I called a bunch of German MEPs over the past few weeks. I spoke to every
parliamentary group except the far-right. The CDU and CSU are voting for this,
which makes sense as it's their proposal. They had zero interest in talking
about the actual contents, saying instead that Voss is their expert on the
topic and they trust his opinion. Every other parliamentary group among the
German MEPs is opposed. There is one person in the Green group that is an
exception (Helga Trüpel). She is violently in support and doesn't seem to want
to discuss the matter (when I called a staffer told me that they were
overwhelmed with calls about this topic and I should call another time but her
Twitter feed leaves zero doubts). Every other member of the Green group is
against, as are all the FDP representatives, all the SDP representatives, and
all the Linke representatives. I didn't feel comfortable speaking with any AfD
and associated people. I spoke to a handful of CDU people who asked me to
email with specific questions, and then replied to said email with a one-liner
saying they fully support their colleague's proposal. It's still a good idea
to call German representatives outside the CDU/CSU faction and ask them to
please attend the vote - attendance is possibly going to be more important
here than convincing them of a position because it appears the party lines are
now clear.

It might be a good idea to NOT call EPP/CDU/CSU members because that might
motivate them to attend and the lower their attendance the better.

------
abhiminator
>Article 13 has been the most controversial, requiring websites to enforce
copyright, _even on content uploaded by users._ (emphasis mine)

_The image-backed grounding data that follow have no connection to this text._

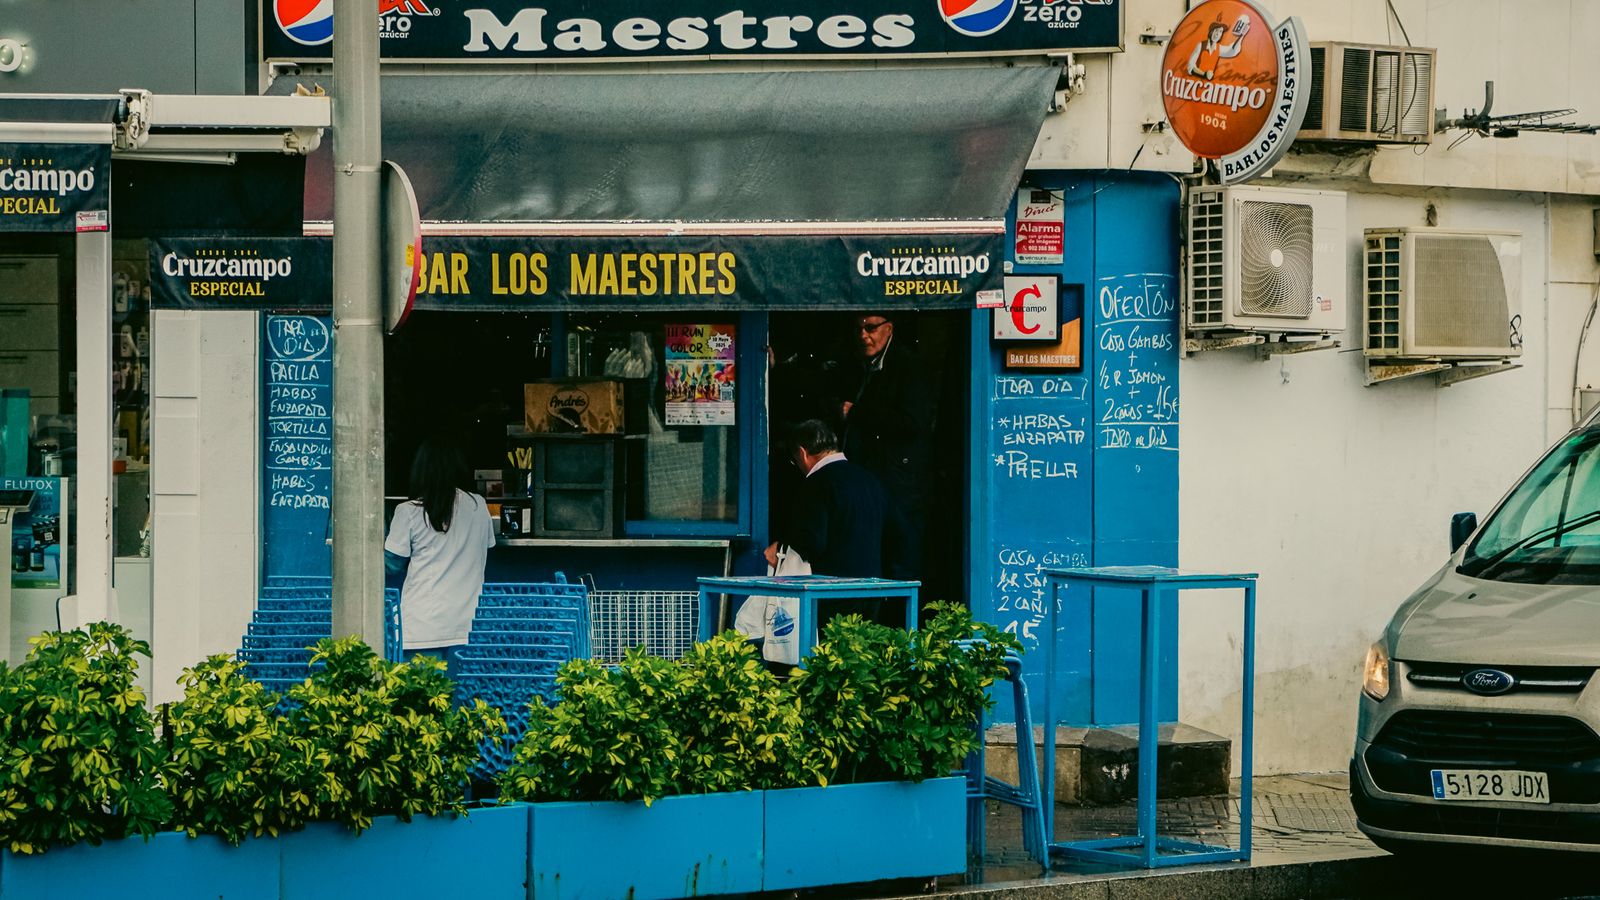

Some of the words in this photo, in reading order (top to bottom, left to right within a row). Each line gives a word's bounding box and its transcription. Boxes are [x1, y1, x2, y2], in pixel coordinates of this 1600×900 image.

[1023, 6, 1082, 21] zero
[463, 8, 915, 52] Maestres
[1047, 20, 1079, 28] azúcar
[380, 30, 409, 38] azúcar
[1164, 69, 1267, 112] Cruzcampo
[1225, 154, 1255, 176] BAR
[1254, 130, 1278, 162] LOS
[1274, 27, 1296, 132] MAESTRES
[1201, 114, 1227, 130] 1904
[1019, 223, 1061, 233] Alarma
[162, 251, 292, 281] Cruzcampo
[857, 250, 990, 279] Cruzcampo
[492, 253, 548, 295] LOS
[570, 252, 736, 295] MAESTRES
[190, 282, 265, 296] ESPECIAL
[885, 280, 963, 295] ESPECIAL
[1005, 305, 1047, 313] Cruzcampo
[273, 319, 306, 338] TAPA
[682, 327, 704, 338] RUN
[670, 343, 704, 354] COLOR
[1010, 354, 1024, 363] BAR
[1025, 354, 1039, 363] LOS
[1040, 354, 1076, 364] MAESTRES
[270, 386, 317, 400] HABAS
[998, 378, 1034, 395] TAPA
[550, 395, 586, 408] Andrés
[1005, 450, 1078, 479] PAELLA
[5, 480, 53, 490] FLUTOX
[1472, 672, 1500, 687] Ford
[1446, 774, 1503, 795] 5128
[1512, 775, 1545, 798] JDX

This is laughable. Laws like the aforementioned shows how disconnected the
lawmakers and regulators in the European Union (not that they're unique) are
from the tech/media industry and general internet-using public at large.

Regulations like these could backfire real bad even with best of intentions
from folks at the helm of regulatory bodies, who -- more often than not --
have scanty, if any, understanding of the how online social platforms work.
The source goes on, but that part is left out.